BECAME: BayEsian Continual Learning with Adaptive Model MErging
Mei Li, Yuxiang Lu, Qinyan Dai, Suizhi Huang, Yue Ding, Hongtao Lu
TL;DR
The paper tackles catastrophic forgetting in continual learning by marrying gradient projection with adaptive model merging under a Bayesian lens. It proves there exists a merging point along the line between old and new task parameters that can reduce cumulative loss and derives a closed-form optimal merging coefficient via a Laplace (MAP) approximation, computable with Fisher information. The proposed two-stage BECAME framework first stabilizes learning with gradient projection and then enhances plasticity through unconstrained retraining before merging; this yields state-of-the-art performance on several CL benchmarks with improved plasticity and stable retention. Overall, the work provides a principled, generalizable mechanism to balance stability and plasticity in continual learning and offers practical guidance for integrating adaptive merging into existing CL methods.
Abstract
Continual Learning (CL) strives to learn incrementally across tasks while mitigating catastrophic forgetting. A key challenge in CL is balancing stability (retaining prior knowledge) and plasticity (learning new tasks). While representative gradient projection methods ensure stability, they often limit plasticity.

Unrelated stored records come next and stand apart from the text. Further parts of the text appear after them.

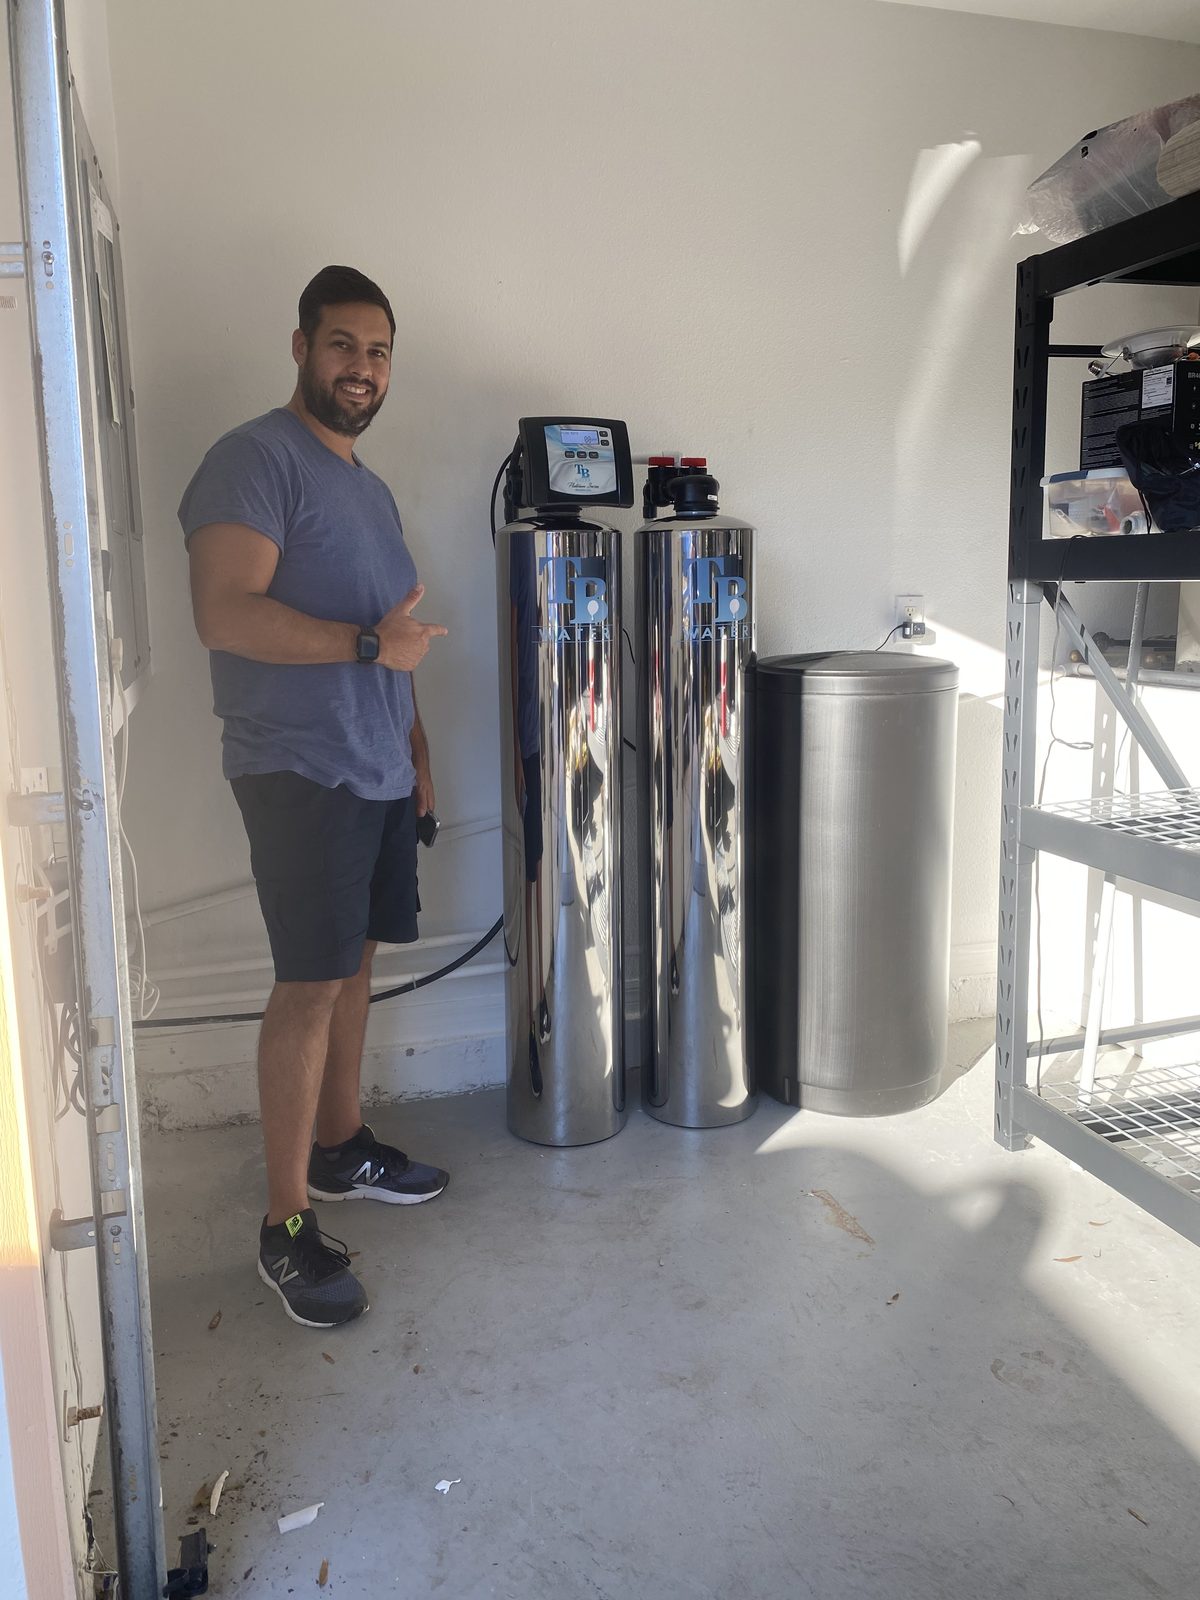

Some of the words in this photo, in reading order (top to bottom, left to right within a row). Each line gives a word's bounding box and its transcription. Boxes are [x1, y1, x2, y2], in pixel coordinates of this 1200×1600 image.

[574, 464, 590, 478] TB
[538, 556, 608, 625] TB
[683, 556, 748, 623] TB
[538, 626, 610, 641] WATER
[683, 625, 749, 640] WATER
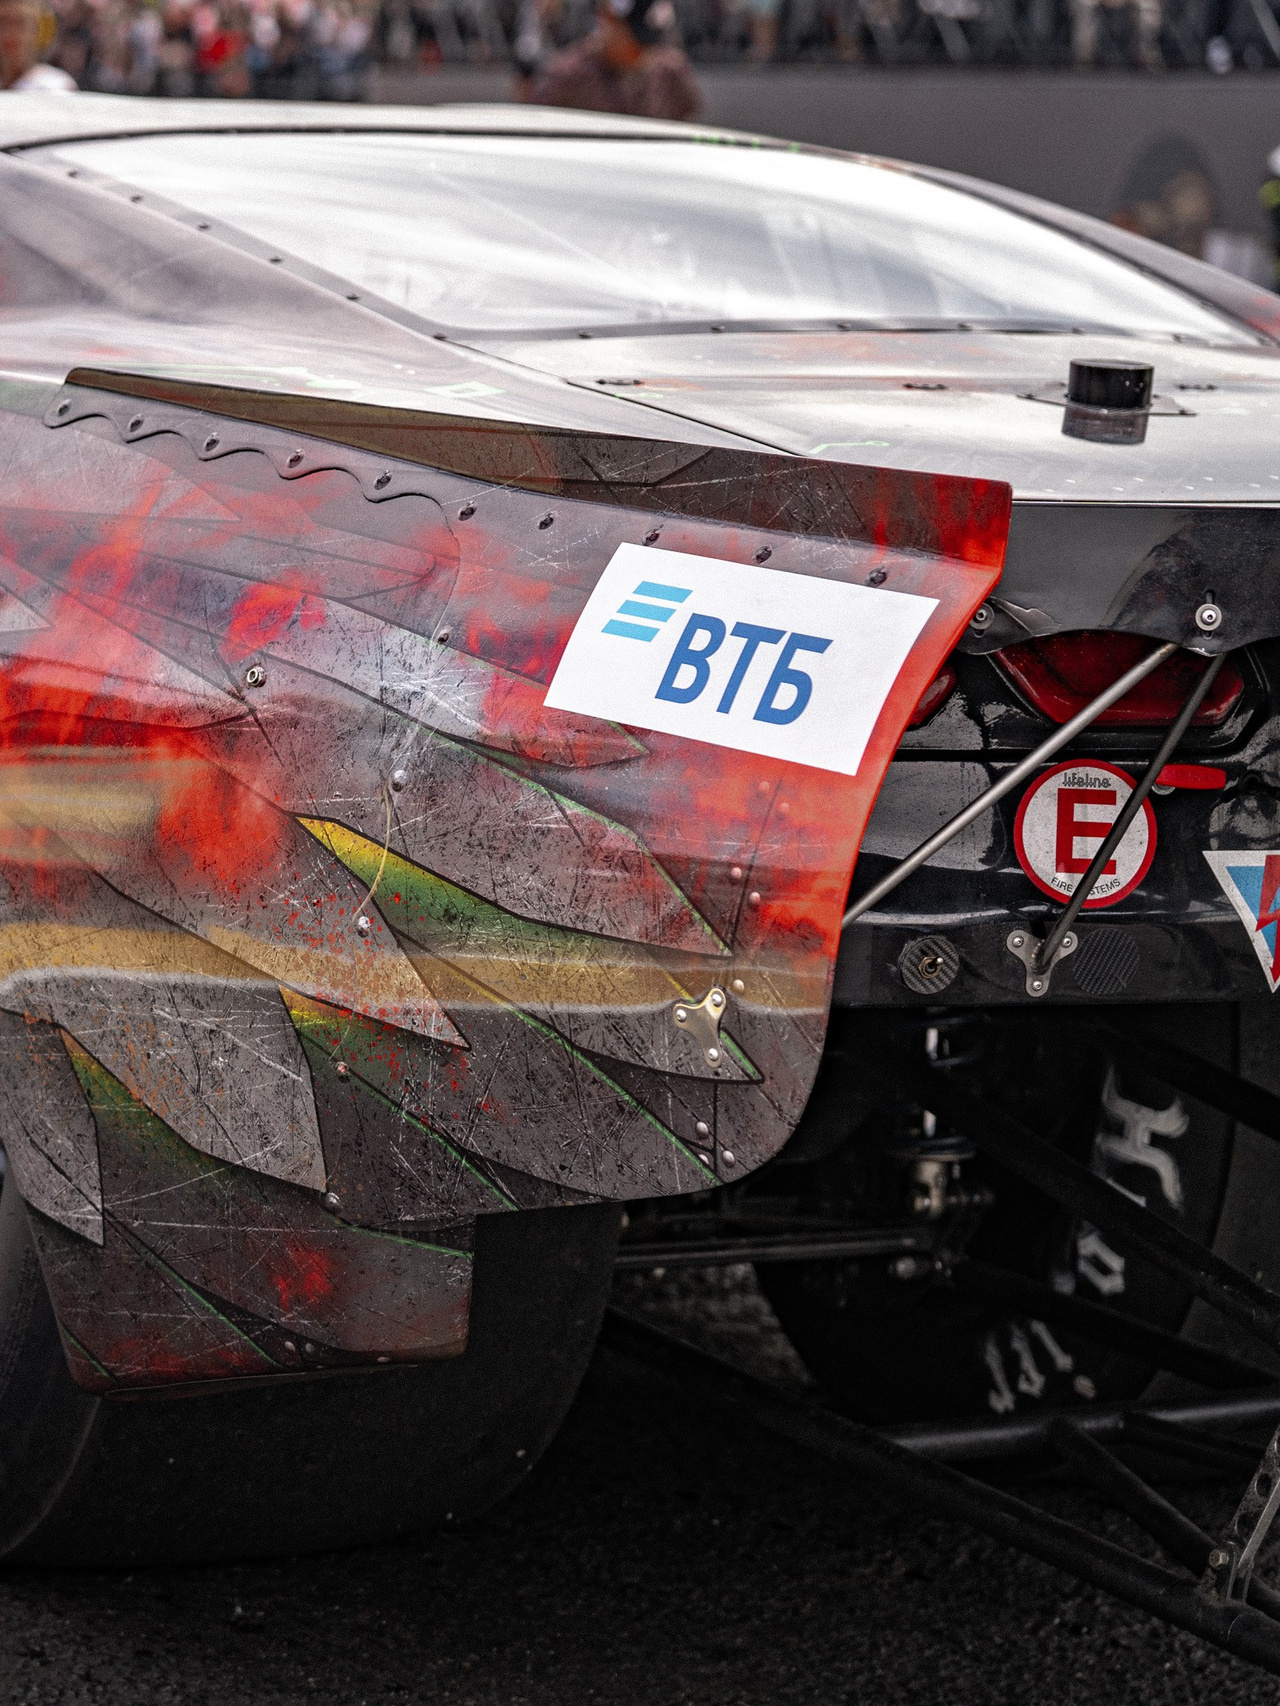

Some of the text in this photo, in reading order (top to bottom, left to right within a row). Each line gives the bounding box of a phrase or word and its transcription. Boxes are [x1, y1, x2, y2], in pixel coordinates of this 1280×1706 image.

[655, 613, 833, 725] ВТБ
[1062, 772, 1111, 788] lifeline
[1055, 788, 1117, 875] E
[1051, 877, 1121, 896] FIRE STEMS
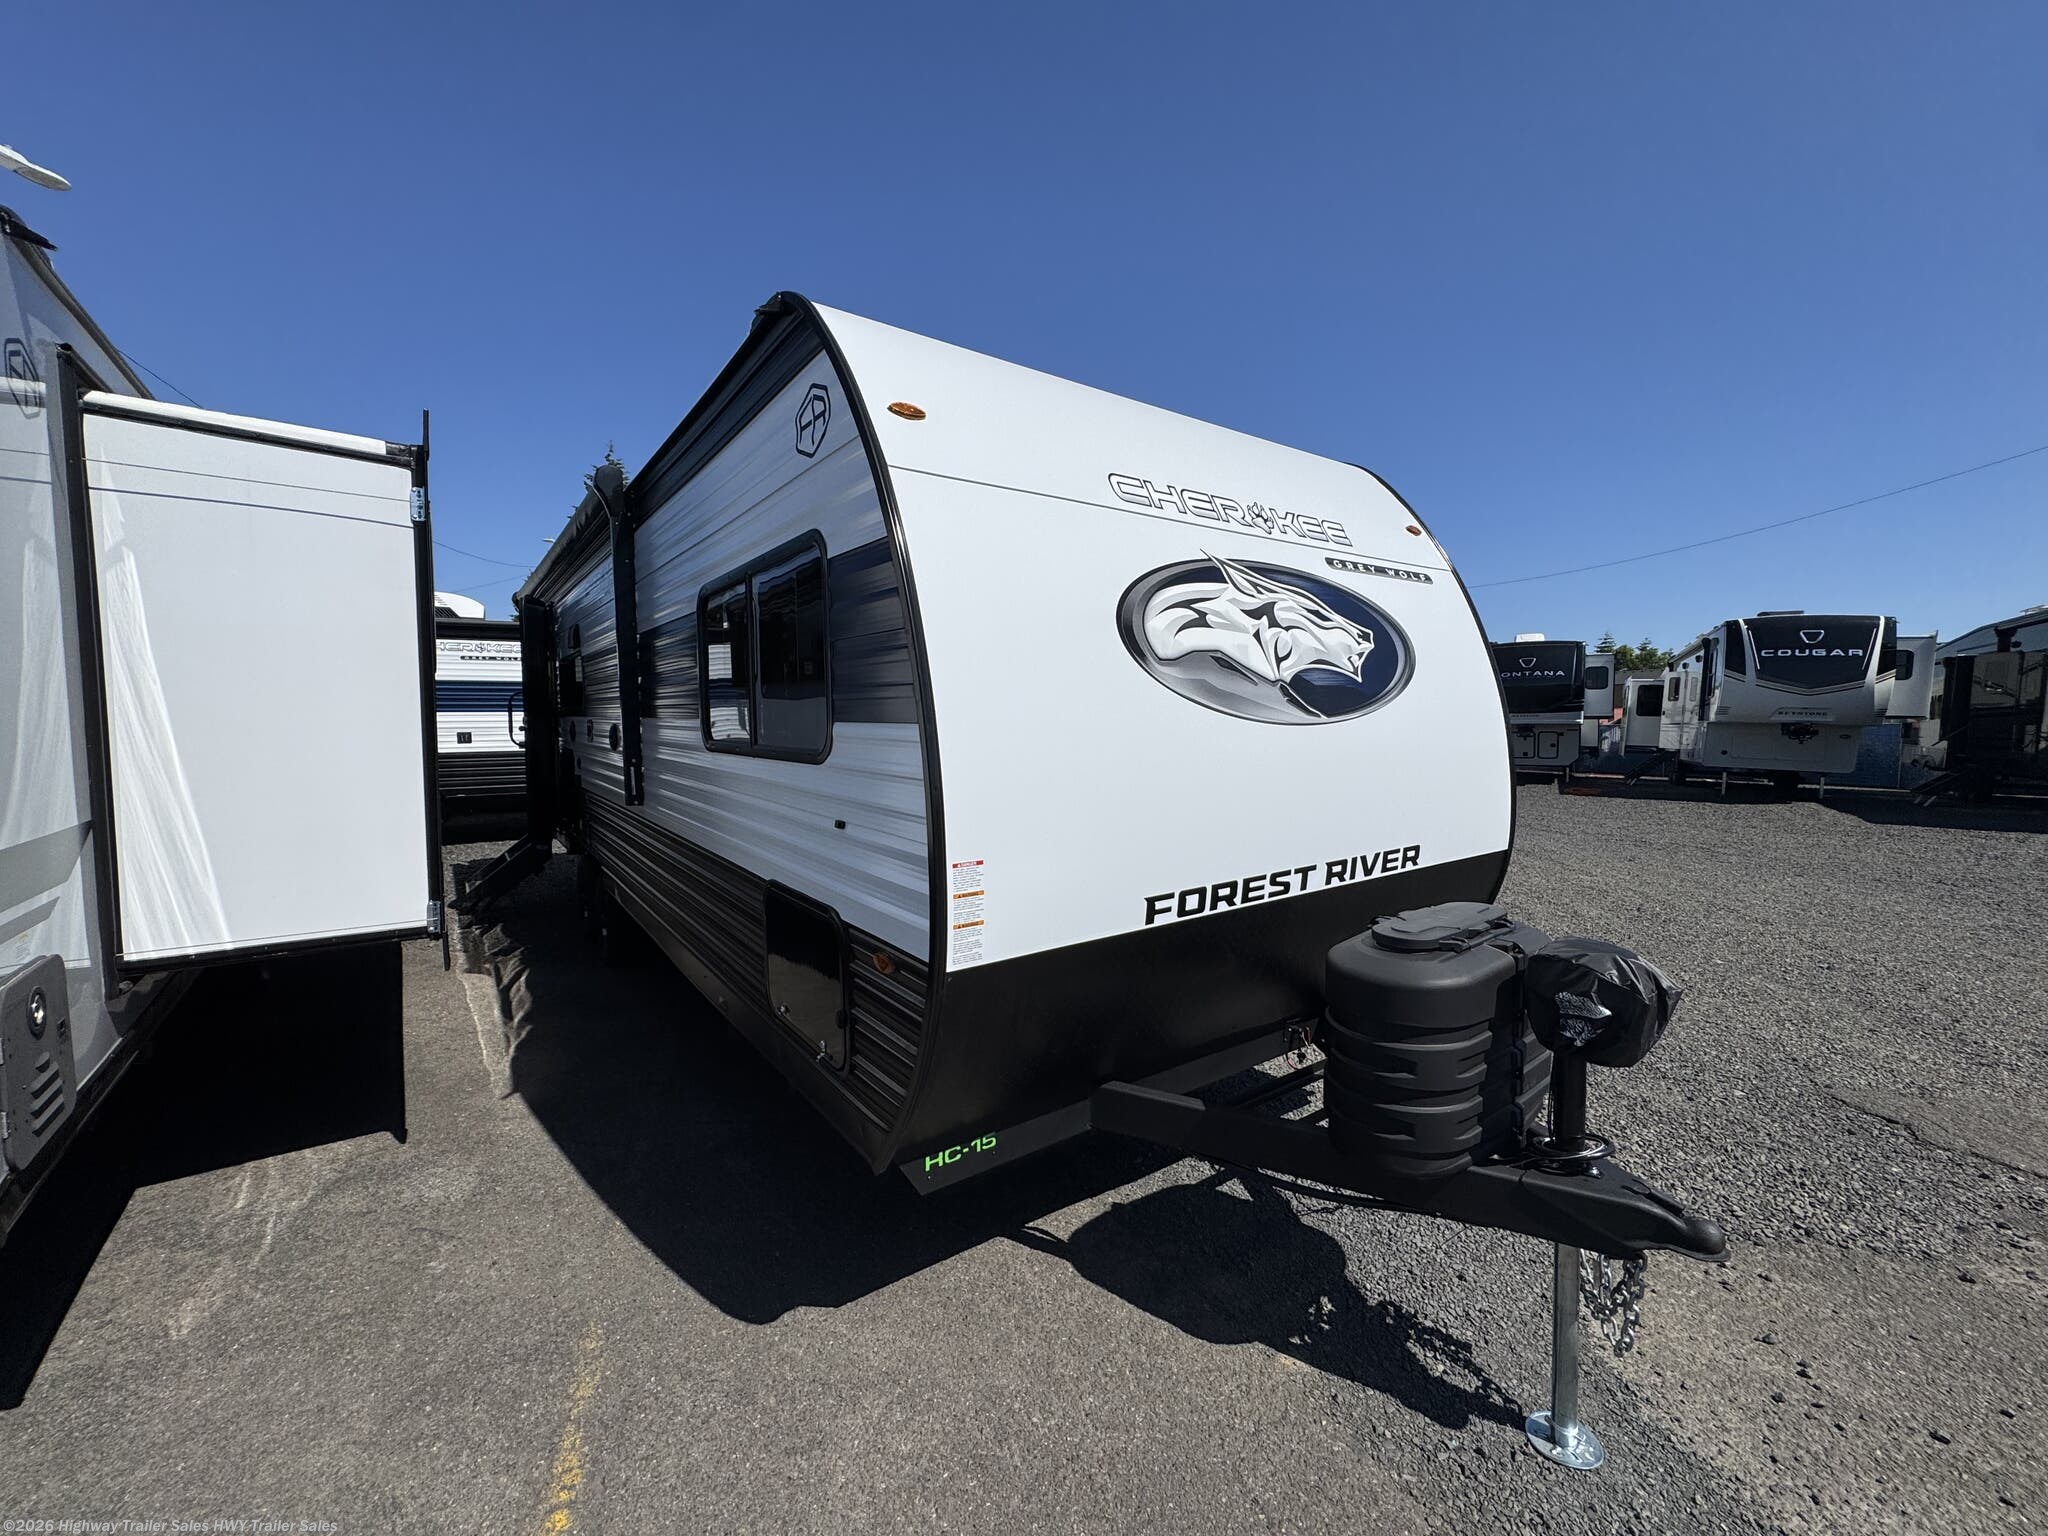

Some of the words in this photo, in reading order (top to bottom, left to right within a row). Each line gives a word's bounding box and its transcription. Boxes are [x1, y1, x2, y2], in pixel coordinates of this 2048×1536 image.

[1333, 559, 1376, 574] GREY
[1385, 568, 1427, 582] WOLF
[1761, 648, 1864, 657] COUGAR
[1501, 670, 1565, 678] ONTANA
[1144, 864, 1317, 925] FOREST
[1325, 845, 1420, 886] RIVER
[925, 1132, 997, 1172] HC-15
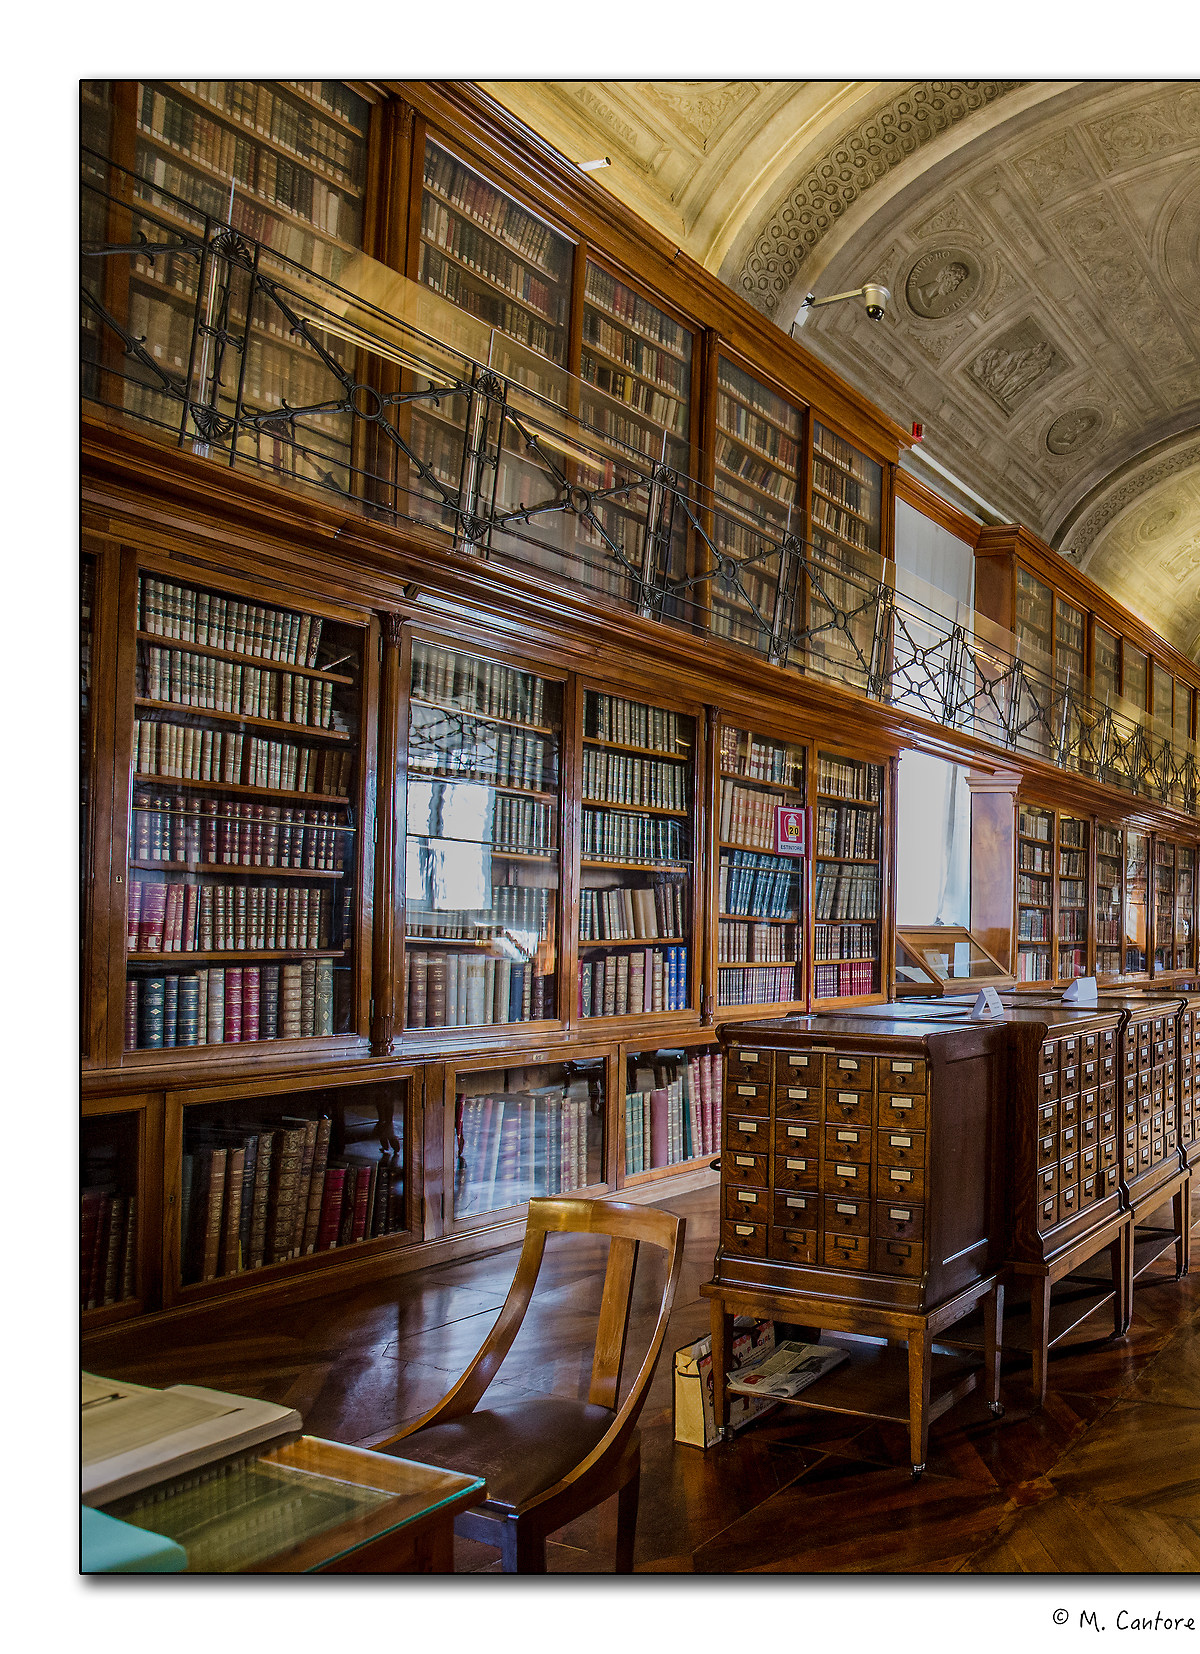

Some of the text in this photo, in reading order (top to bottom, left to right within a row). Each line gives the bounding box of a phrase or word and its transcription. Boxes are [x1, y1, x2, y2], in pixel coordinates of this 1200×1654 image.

[575, 88, 638, 146] AVICENNA
[908, 250, 952, 288] BERTERO
[789, 827, 799, 835] 20

Model merging techniques offer promising solutions, but prior methods typically rely on empirical assumptions and carefully selected hyperparameters. In this paper, we explore the potential of model merging to enhance the stability-plasticity trade-off, providing theoretical insights that underscore its benefits. Specifically, we reformulate the merging mechanism using Bayesian continual learning principles and derive a closed-form solution for the optimal merging coefficient that adapts to the diverse characteristics of tasks. To validate our approach, we introduce a two-stage framework named BECAME, which synergizes the expertise of gradient projection and adaptive merging. Extensive experiments show that our approach outperforms state-of-the-art CL methods and existing merging strategies.